I dialetti, come stiamo scoprendo nei periodici appuntamenti della rubrica Dialettando, rappresentano dei veri e propri scrigni in cui si possono ritrovare le impronte dei popoli con cui i nostri antenati sono venuti in contatto.

Sicuramente l’impronta più evidente è quella lasciata dal latino, la lingua madre, giunto in territorio lucano con la conquista romana, ma nel dialetto si conservano anche le impronte delle lingue che hanno preceduto, convissuto e seguito la latinizzazione.

Questi e altri elementi del passato sono visibili ancora oggi, sia grazie ai reperti archeologici, sia grazie agli elementi linguistici conservati nei nostri dialetti.

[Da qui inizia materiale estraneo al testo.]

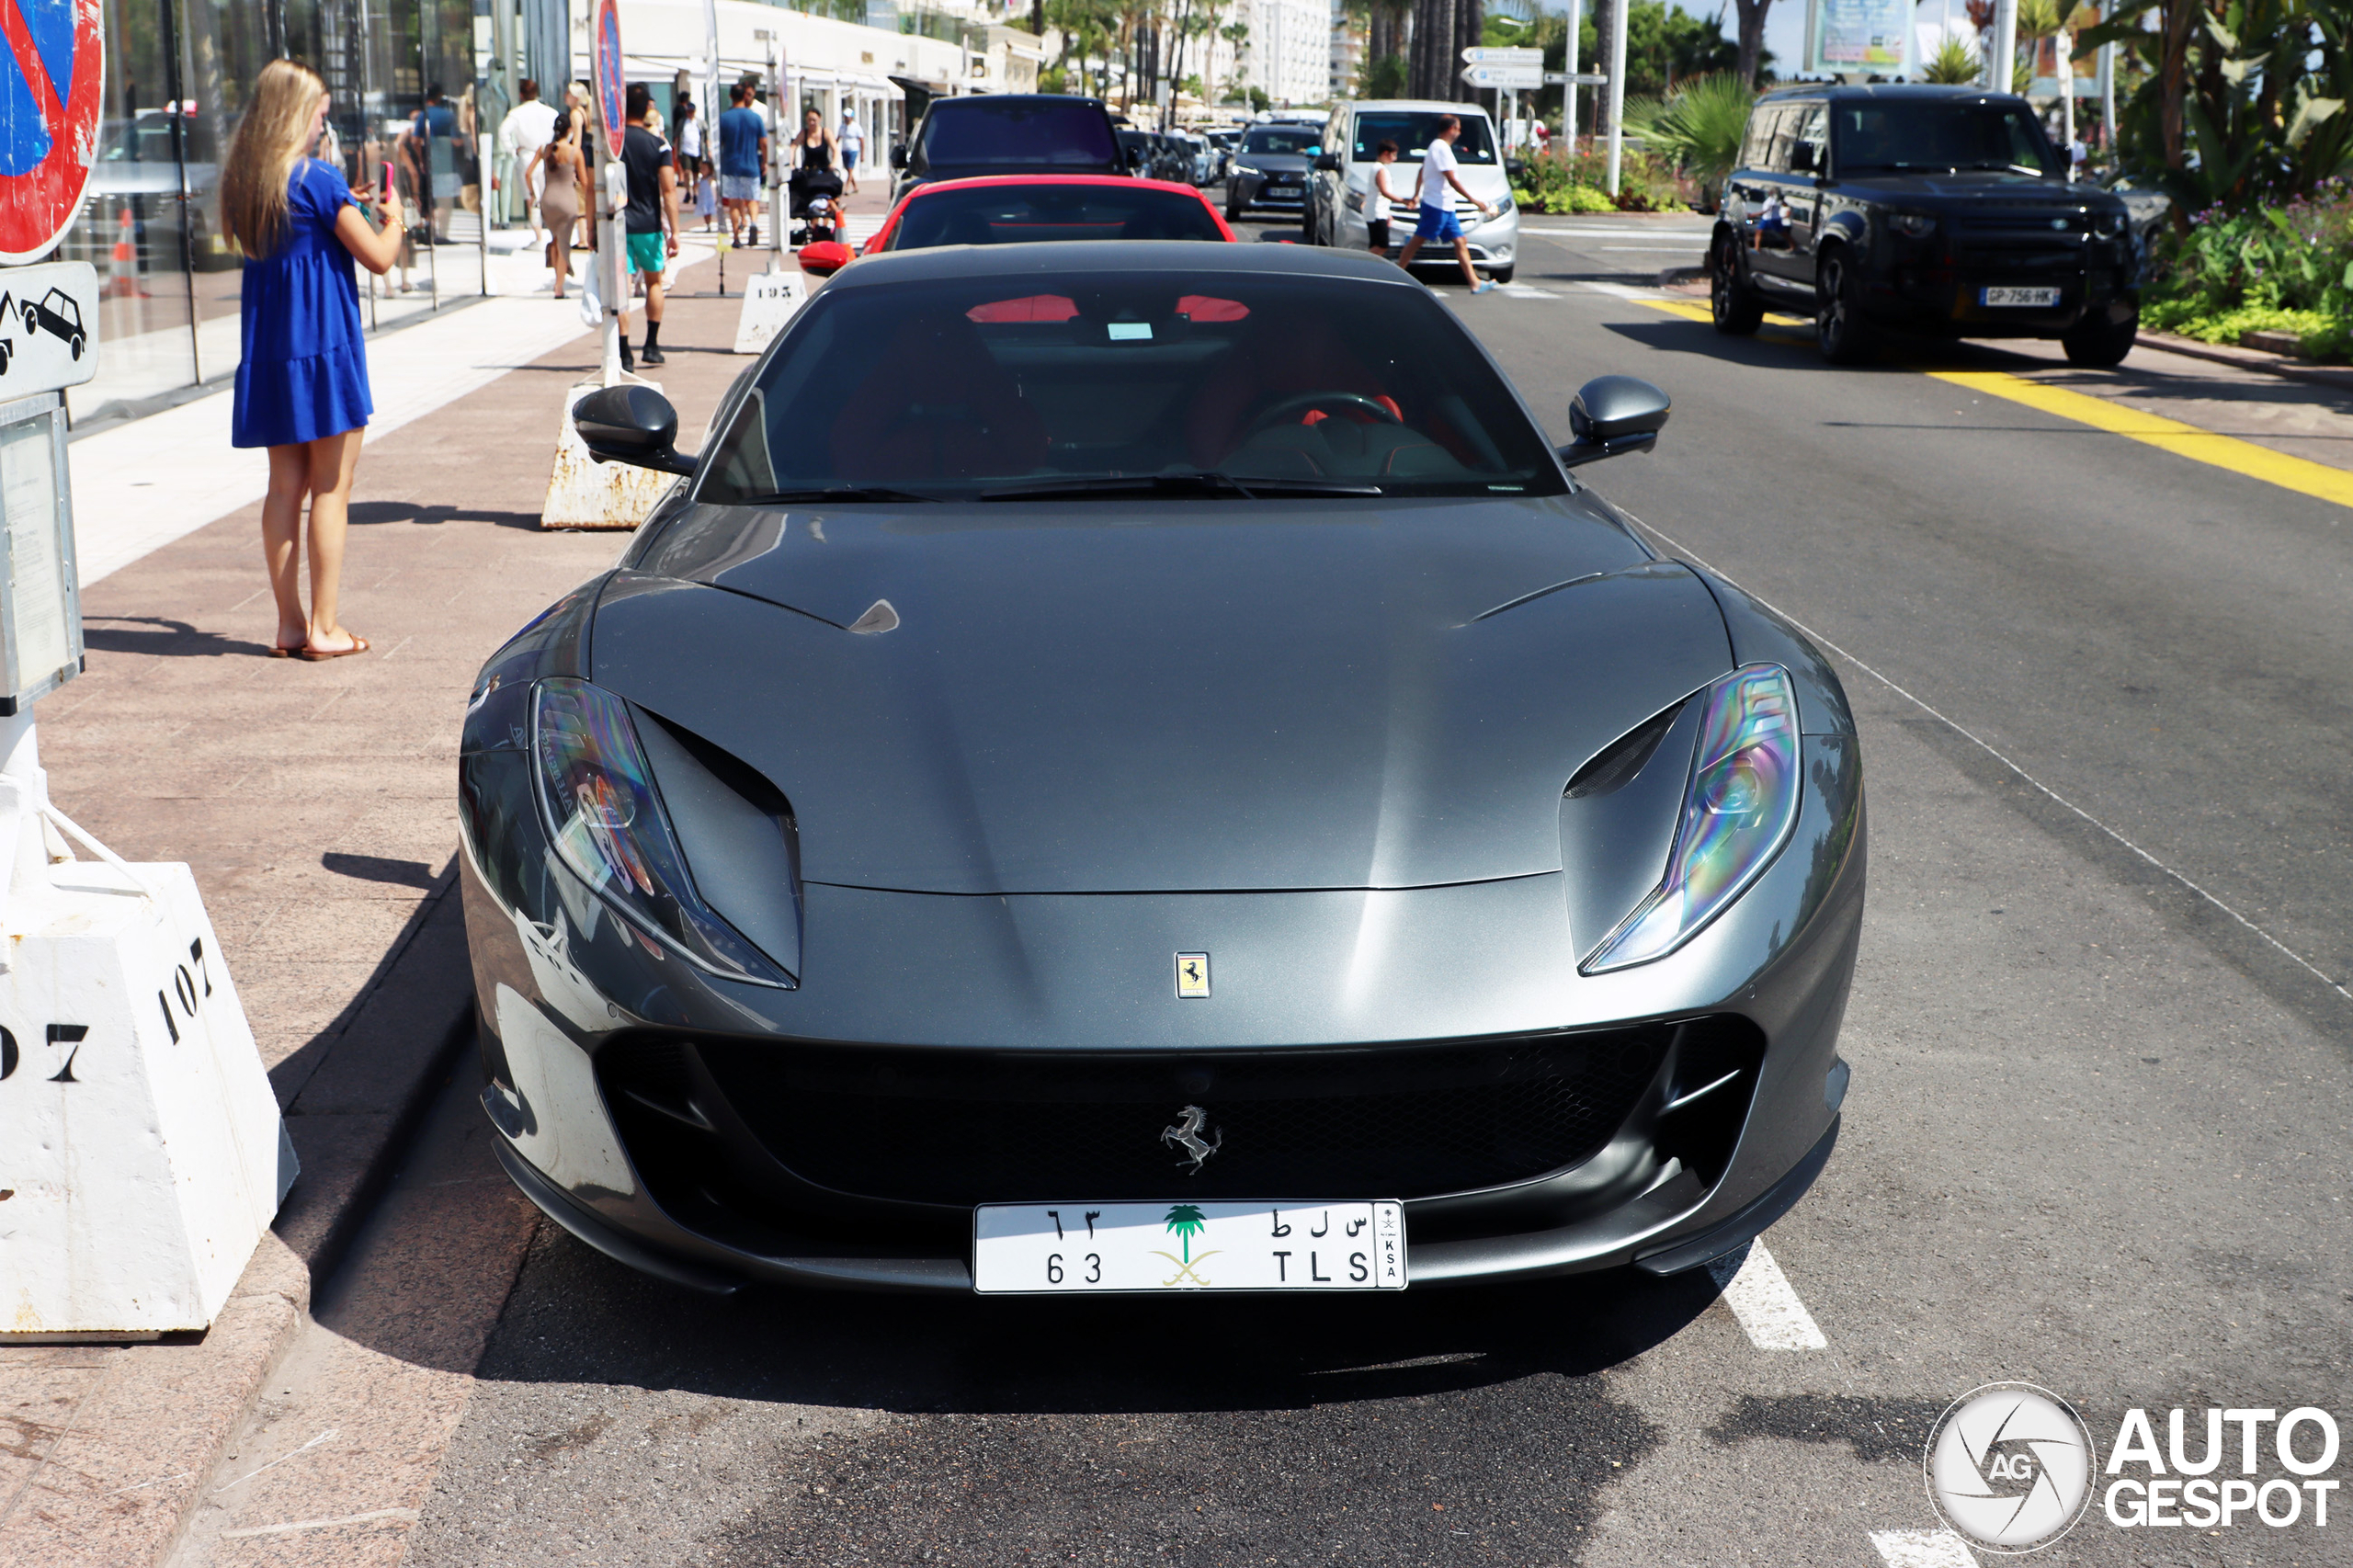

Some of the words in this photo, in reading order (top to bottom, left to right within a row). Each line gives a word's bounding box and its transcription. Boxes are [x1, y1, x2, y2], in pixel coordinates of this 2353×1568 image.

[157, 937, 212, 1046] 107
[1047, 1252, 1101, 1284] 63
[1272, 1251, 1369, 1282] TLS

A questo proposito, un esempio straordinario di questa possibilità si lega proprio al territorio di Banzi ed è rappresentato dalla cosiddetta Tabula Bantina, una lastra di bronzo che reca inciso un testo legislativo scritto sia in latino sia in osco.

La Tabula rappresenta un’importantissima testimonianza linguistica e culturale perché da un lato fornisce una delle più importanti attestazioni della lingua di queste popolazioni italiche e dall’altro lato mostra l’attenzione dei romani che, per rendere comprensibile un nuovo testo legislativo a quelle popolazioni da poco conquistate, utilizzavano la lingua dei vinti accanto al latino.

Le lingue italiche, tuttavia, sono state totalmente sostituite dal latino, ma hanno lasciato alcune tracce ancora visibili nel dialetto locale. Per il banzese, ad esempio, si segnalano le assimilazioni dei nessi consonantici -MB- che diventa -mm- e -ND- che diventa -nn-, ad esempio nella parola (g)ammë [ˈɣam:ə] ‘gamba’ < GAMBA e nella parola funnë [ˈfun:ə] ‘fondo’ < FUNDU.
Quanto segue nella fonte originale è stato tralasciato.